**HOW TO COMPLETE THIS TASK**
Return the listing exactly. Keep no pictures.
★ ★ ★ ★ ★
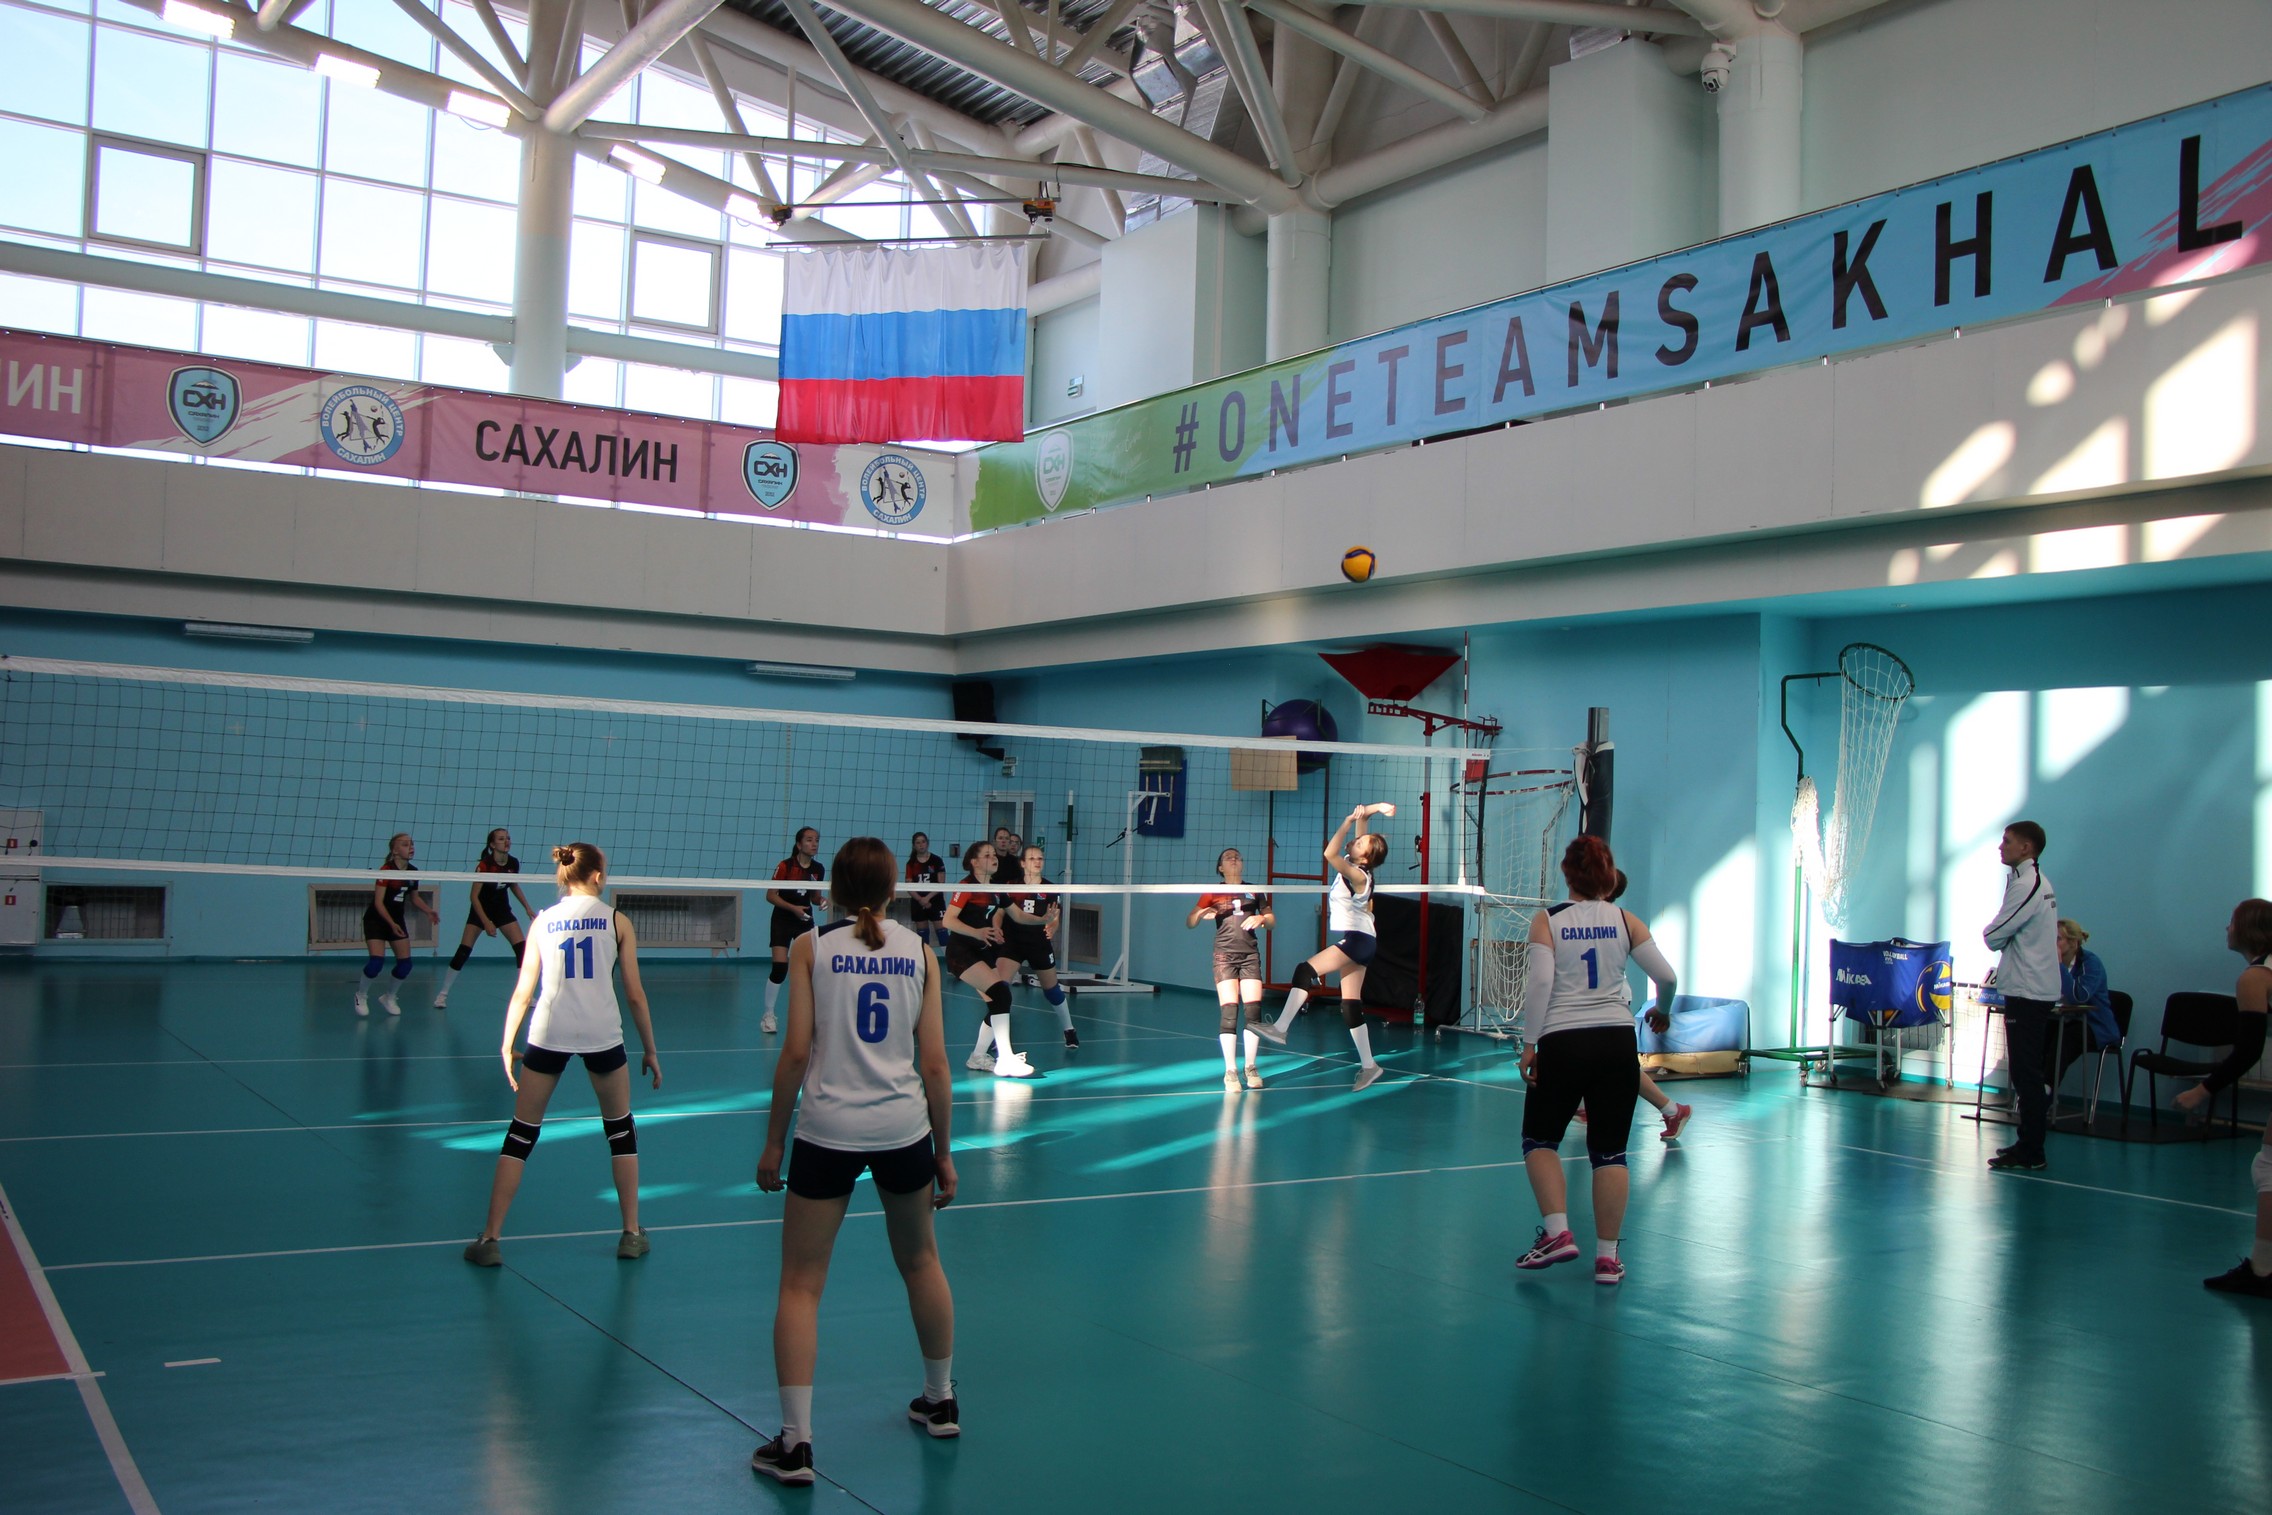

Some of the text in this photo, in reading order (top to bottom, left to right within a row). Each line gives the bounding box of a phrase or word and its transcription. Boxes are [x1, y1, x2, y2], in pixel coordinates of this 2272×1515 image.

[1173, 135, 2242, 474] #ONETEAMSAKHAL
[0, 358, 82, 414] ИН
[322, 387, 404, 437] ВОЛЕЙБОЛЬНЫЙ ЦЕНТР
[337, 447, 386, 465] САХАЛИН
[475, 420, 678, 483] САХАЛИН
[861, 456, 925, 499] ВОЛЕЙБОЛЬНЫЙ ЦЕНТР
[873, 510, 912, 524] САХАЛИН
[917, 873, 931, 883] 12
[393, 886, 409, 903] 2
[985, 904, 996, 920] 7
[1023, 899, 1036, 914] 8
[1231, 899, 1244, 916] 1
[547, 917, 607, 934] САХАЛИН
[1561, 926, 1617, 941] САХАЛИН
[558, 936, 594, 979] 11
[831, 954, 916, 978] САХАЛИН
[1581, 947, 1598, 990] 1
[856, 981, 890, 1044] 6
★ ★ ★ ★ ★
**RESPONSE AREA**
Some of the text in this photo, in reading order (top to bottom, left to right within a row). Each line gives the bounding box of a phrase or word and its transcription. Boxes are [x1, y1, x2, y2], in pixel coordinates of this 2272×1515 image.

[1173, 135, 2242, 474] #ONETEAMSAKHAL
[0, 358, 82, 414] ИН
[322, 387, 404, 437] ВОЛЕЙБОЛЬНЫЙ ЦЕНТР
[337, 447, 386, 465] САХАЛИН
[475, 420, 678, 483] САХАЛИН
[861, 456, 925, 499] ВОЛЕЙБОЛЬНЫЙ ЦЕНТР
[873, 510, 912, 524] САХАЛИН
[917, 873, 931, 883] 12
[393, 886, 409, 903] 2
[985, 904, 996, 920] 7
[1023, 899, 1036, 914] 8
[1231, 899, 1244, 916] 1
[547, 917, 607, 934] САХАЛИН
[1561, 926, 1617, 941] САХАЛИН
[558, 936, 594, 979] 11
[831, 954, 916, 978] САХАЛИН
[1581, 947, 1598, 990] 1
[856, 981, 890, 1044] 6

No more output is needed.